Esta es la historia de Yolanda Chaparro de Andrade, una mujer que luchó por conseguir lo que ella consideraba una muerte digna.

El pasado 25 de junio de 2021, la señora Yolanda recibió la eutanasia, un procedimiento que llevaba pidiendo hacía más de un año y que el sistema de salud le había negado.

“Recibir el diagnóstico fue algo catastrófico, pero siempre me ha animado que yo he tenido dentro de mis convicciones que uno debe vivir hasta cuando sea feliz. En el momento en que la vida sea para uno algo que no es gratificante, con sufrimiento, es mejor buscar vías alternas” dijo Chaparro luego que a sus 71 años le diagnosticaran esclerosis lateral amiotrófica, una enfermedad que afecta los movimientos voluntarios de los músculos.

Los especialistas indicaron que no tiene cura y con el pasar del tiempo impide realizar funciones, entre ellas, caminar, hablar, respirar y comer, pero el cerebro continúa intacto. “Uno siente miedo, frustración, rabia, porque uno está viviendo en un cuerpo que ya no funciona”, definió Yolanda.

“Siempre me aterró ver a las personas totalmente destruidas y nunca quise que a mí me tocara esa situación”, expresó. Fue por eso que, en mayo de 2020, cuando comenzó a notar el deterioro en su cuerpo, sin embargo, al expresar su deseo de morir dignamente, la respuesta por parte de su médico fue que no.

La mujer envió un derecho de petición solicitando su derecho de eutanasia y su neurólogo le aplicó un protocolo que desde 2015 diseñó el Ministerio de Salud para estos casos.

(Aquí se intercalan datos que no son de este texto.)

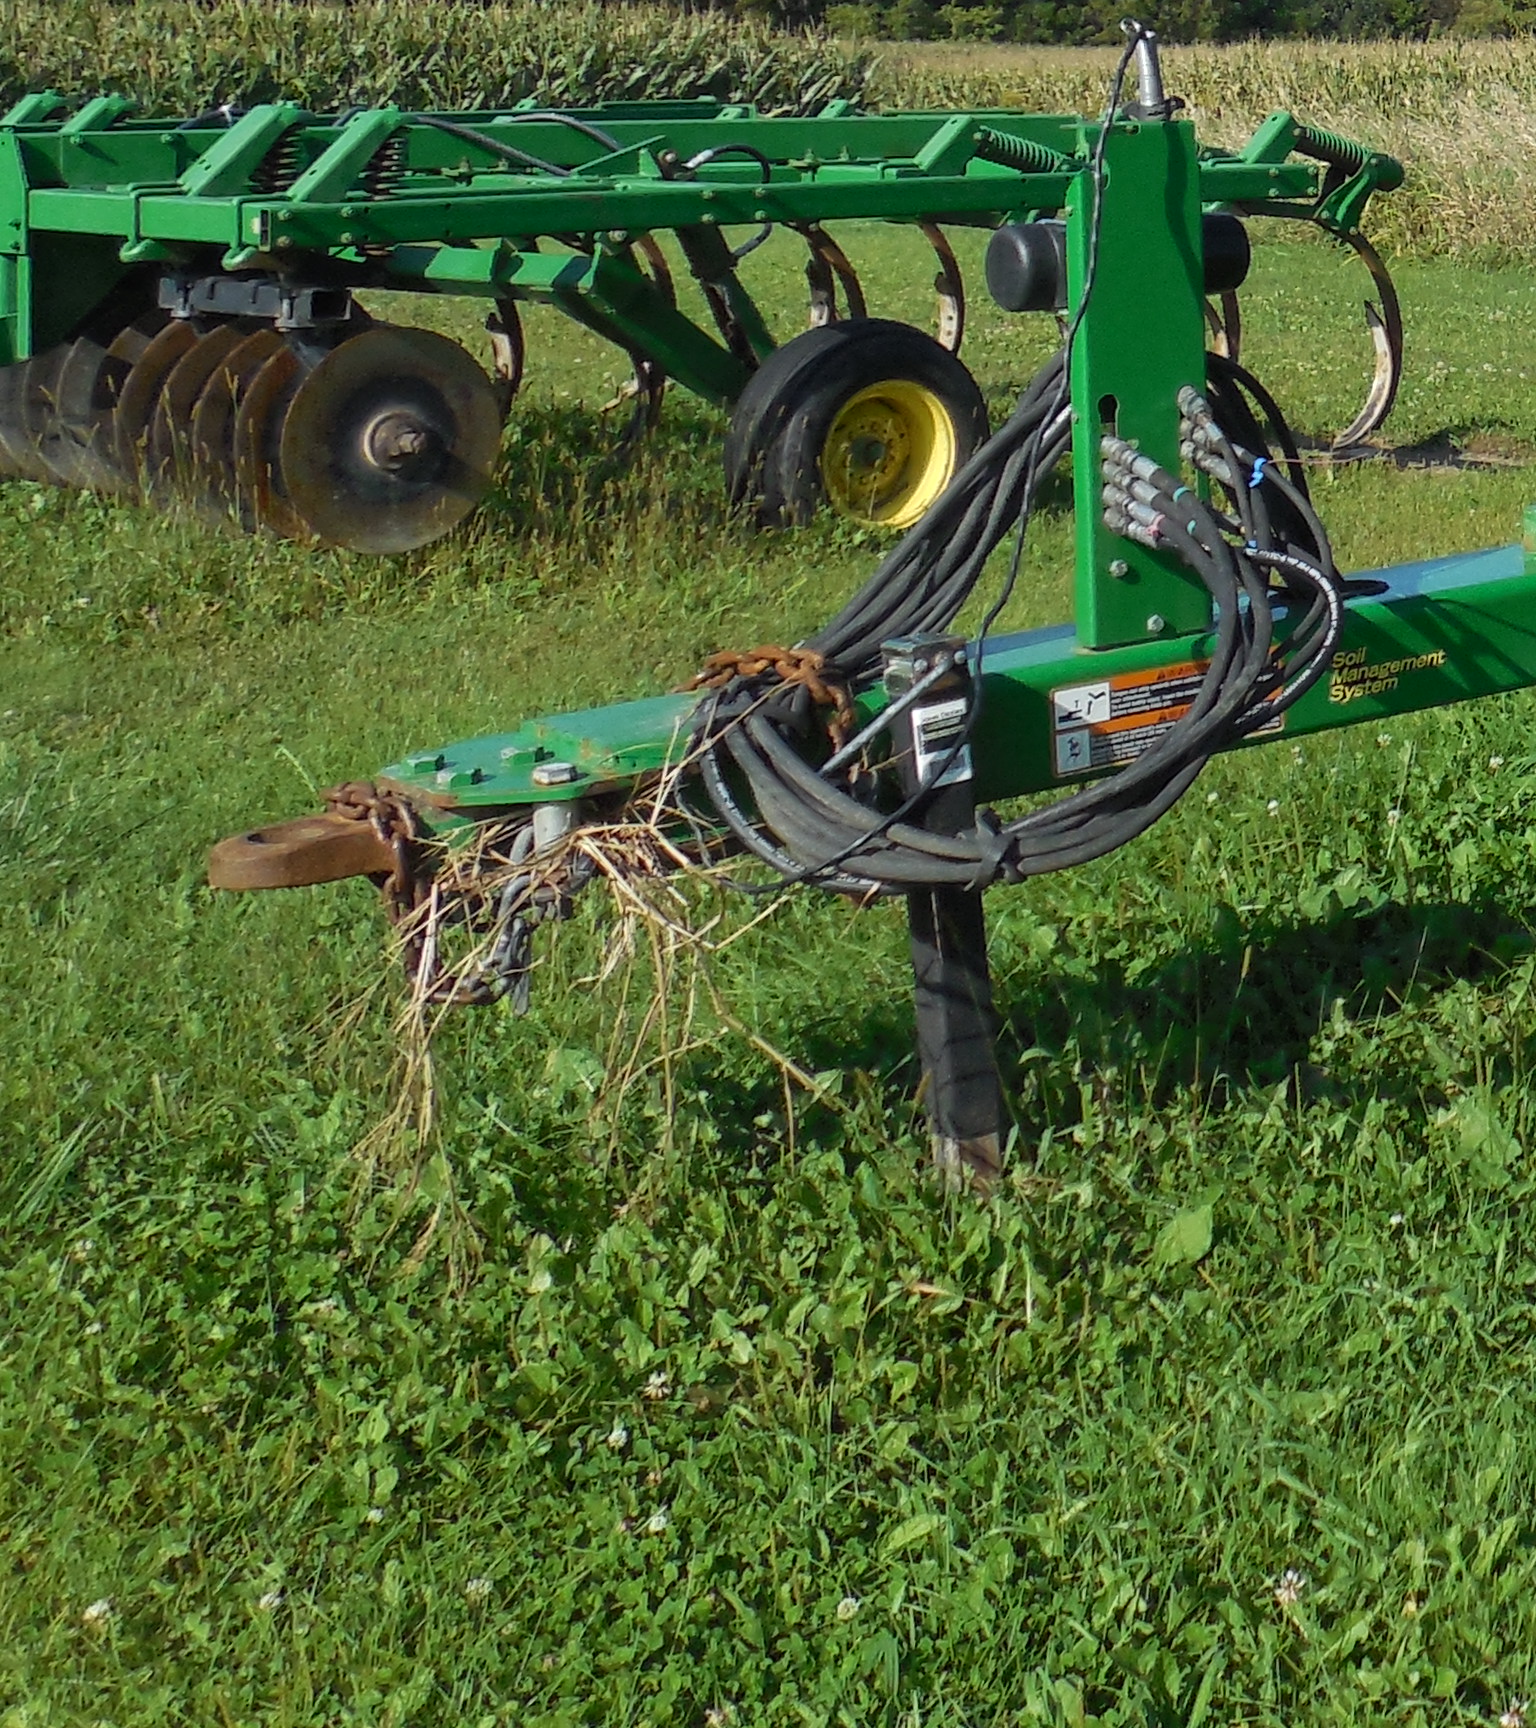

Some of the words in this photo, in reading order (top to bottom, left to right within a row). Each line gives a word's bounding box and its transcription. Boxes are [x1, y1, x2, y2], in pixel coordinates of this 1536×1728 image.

[1331, 649, 1446, 685] Management
[1332, 647, 1367, 668] Soil
[1329, 677, 1398, 703] System

“Le dice que, según el protocolo, ella no es candidata porque su estado de salud no está lo suficientemente deteriorado y que tiene que esperar a varios niveles de deterioro, como estar postrada en cama o usar silla de ruedas permanentemente, requerir ayuda de otras personas para actividades cotidianas como ir al baño o bañarse; que tiene que esperar a no poder comer y tener una dieta líquida, que su habla sea ininteligible y que su capacidad respiratoria esté deteriorada y tenga que usar oxígeno permanentemente”, indicó el abogado de la mujer.

Inicialmente negaron la tutela en dos ocasiones, porque consideraban que la IPS ya había tenido una respuesta, argumentando que no era apta para el procedimiento.

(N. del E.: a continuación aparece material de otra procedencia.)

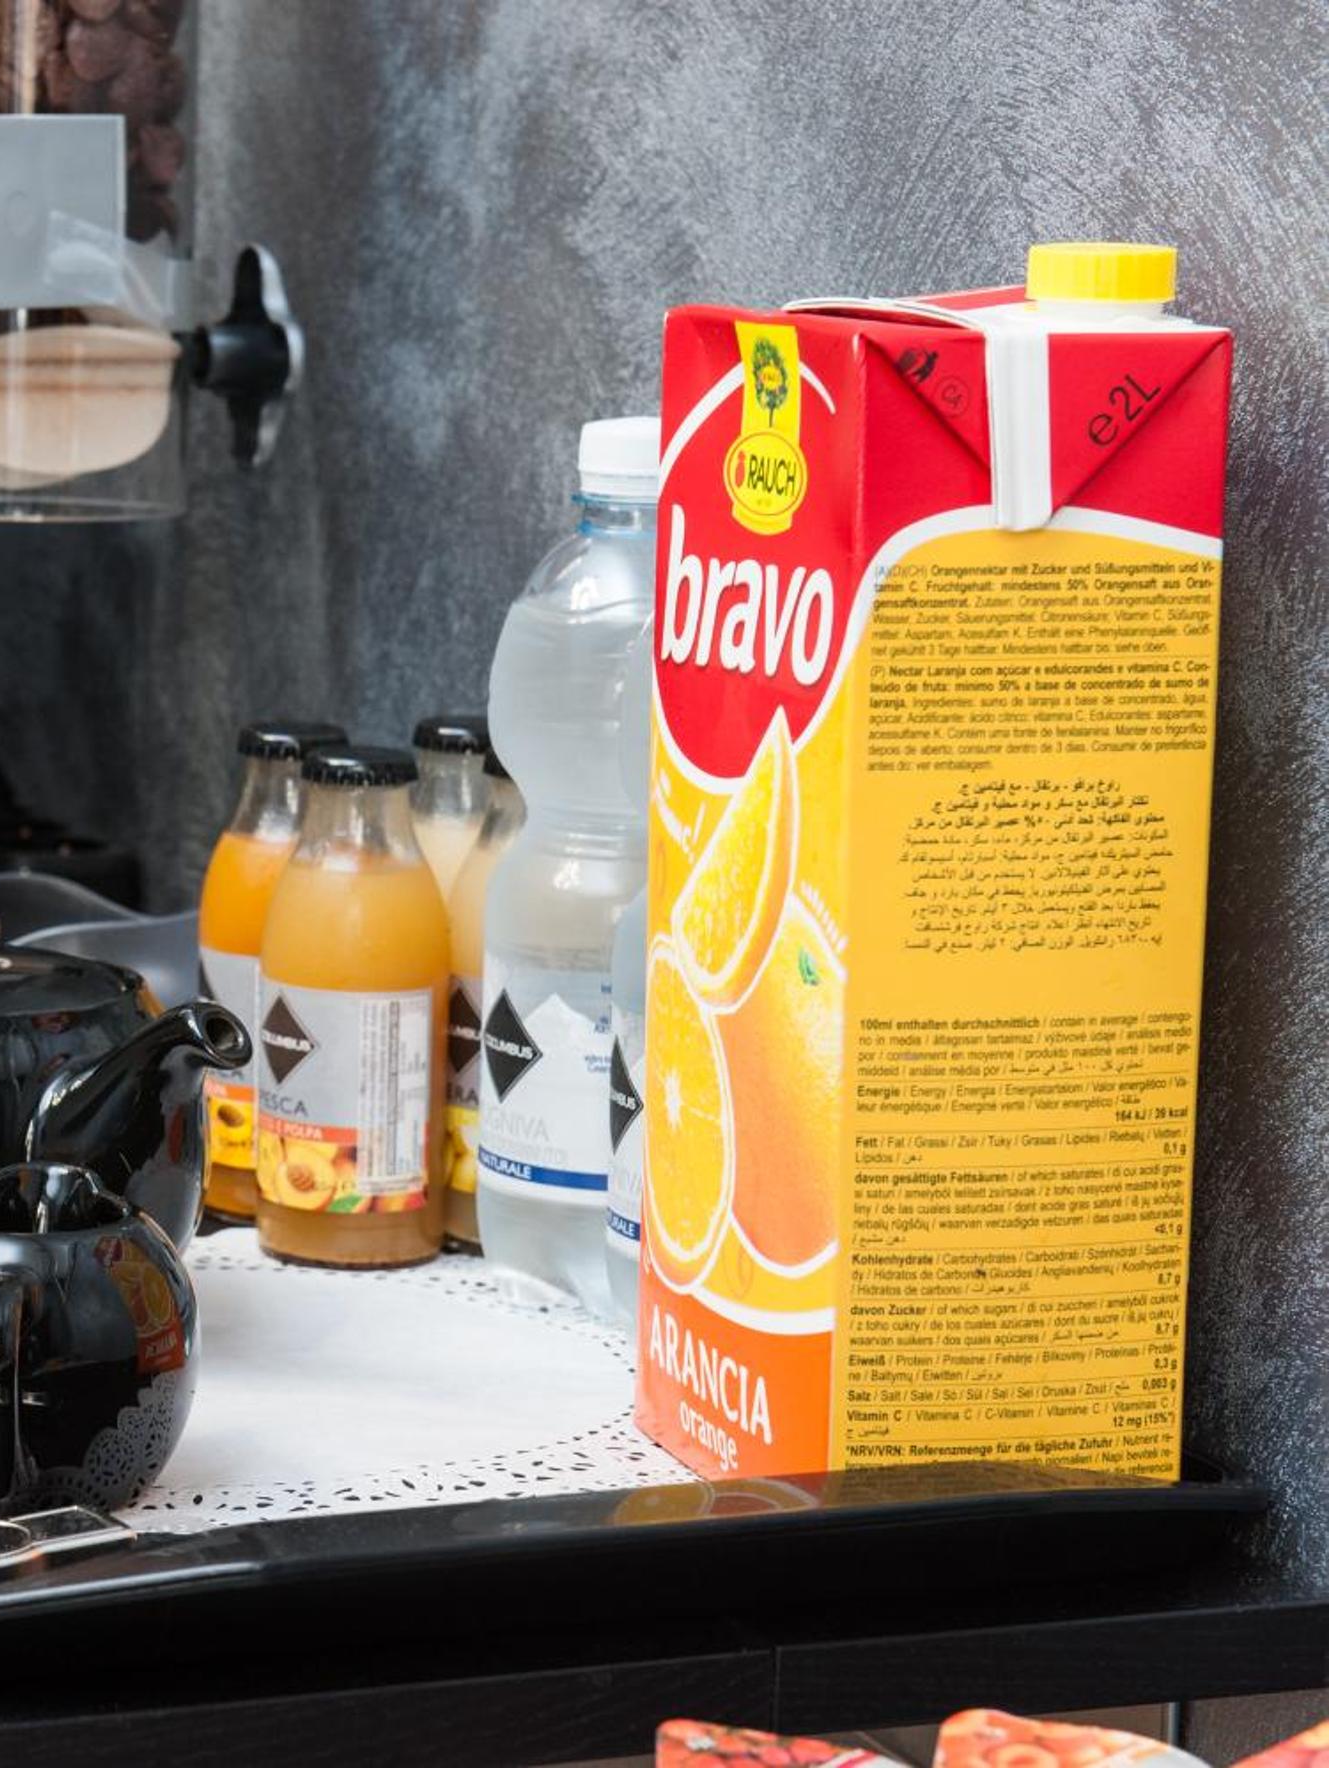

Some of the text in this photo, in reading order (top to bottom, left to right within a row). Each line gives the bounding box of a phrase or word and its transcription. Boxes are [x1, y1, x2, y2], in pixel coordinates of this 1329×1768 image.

[748, 454, 797, 497] RAUCH
[661, 503, 834, 686] bravo
[857, 1085, 900, 1099] Energie
[855, 1136, 878, 1148] Fett
[650, 1304, 773, 1446] ARANCIA
[847, 1390, 871, 1401] Salz
[846, 1409, 888, 1421] Vitamin
[680, 1400, 739, 1472] orange

En la actualidad la mujer se encontraba con dificultad para moverse debido a una fractura, necesitaba oxigeno constante y se encontraba en silla de ruedas porque no podía caminar más de cinco pasos.

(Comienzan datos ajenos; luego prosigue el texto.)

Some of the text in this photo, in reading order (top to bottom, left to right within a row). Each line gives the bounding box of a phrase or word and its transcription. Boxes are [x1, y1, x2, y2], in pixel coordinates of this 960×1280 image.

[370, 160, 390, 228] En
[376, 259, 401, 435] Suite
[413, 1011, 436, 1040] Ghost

En abril del 2021 cuando regresó a cita con su neurologo, se la autorizaron porque consideran que tiene casi los requisitos impuestos por la ley, sin embargo todavía se le entendían las palabras que decía.

Aunque el problema jurídico central ya se superó, pues a Yolanda ya le autorizaron el procedimiento, Correa explicó que le piden a la Corte que seleccione la tutela no solo para que se pronuncie sobre su caso.

“Le pedimos que falle a favor no únicamente en el caso de Yolanda como persona, sino que verifique las circunstancias en las que nos encontramos, que revise el protocolo del Ministerio de Salud sobre eutanasia y la definición de qué es una enfermedad terminal”, dijo.

Frente a la posibilidad de que no viva para conocer la decisión sobre su caso, si la Corte lo selecciona, Yolanda concluyó: “Siempre en mis luchas sociales no he pensado en mí, he pensado en si yo puedo ayudar (a otros) con una decisión. Sería maravilloso que esto se convirtiera en ley de la República para ayudarle a tanta gente que sufre y no tiene la esperanza de terminar con esa situación”.

Ese delito fue condicionado en 1997 por la propia Corte, cuando permitió la eutanasia y dijo que en el caso voluntario de pacientes terminales no podía haber responsabilidad penal para el médico que los ayuda a morir dignamente.

El ultimo deseo de la mujer era morir con eutanasia completamente sola en la habitación de un hospital, deseo que le fue concedido por familiares y amigos.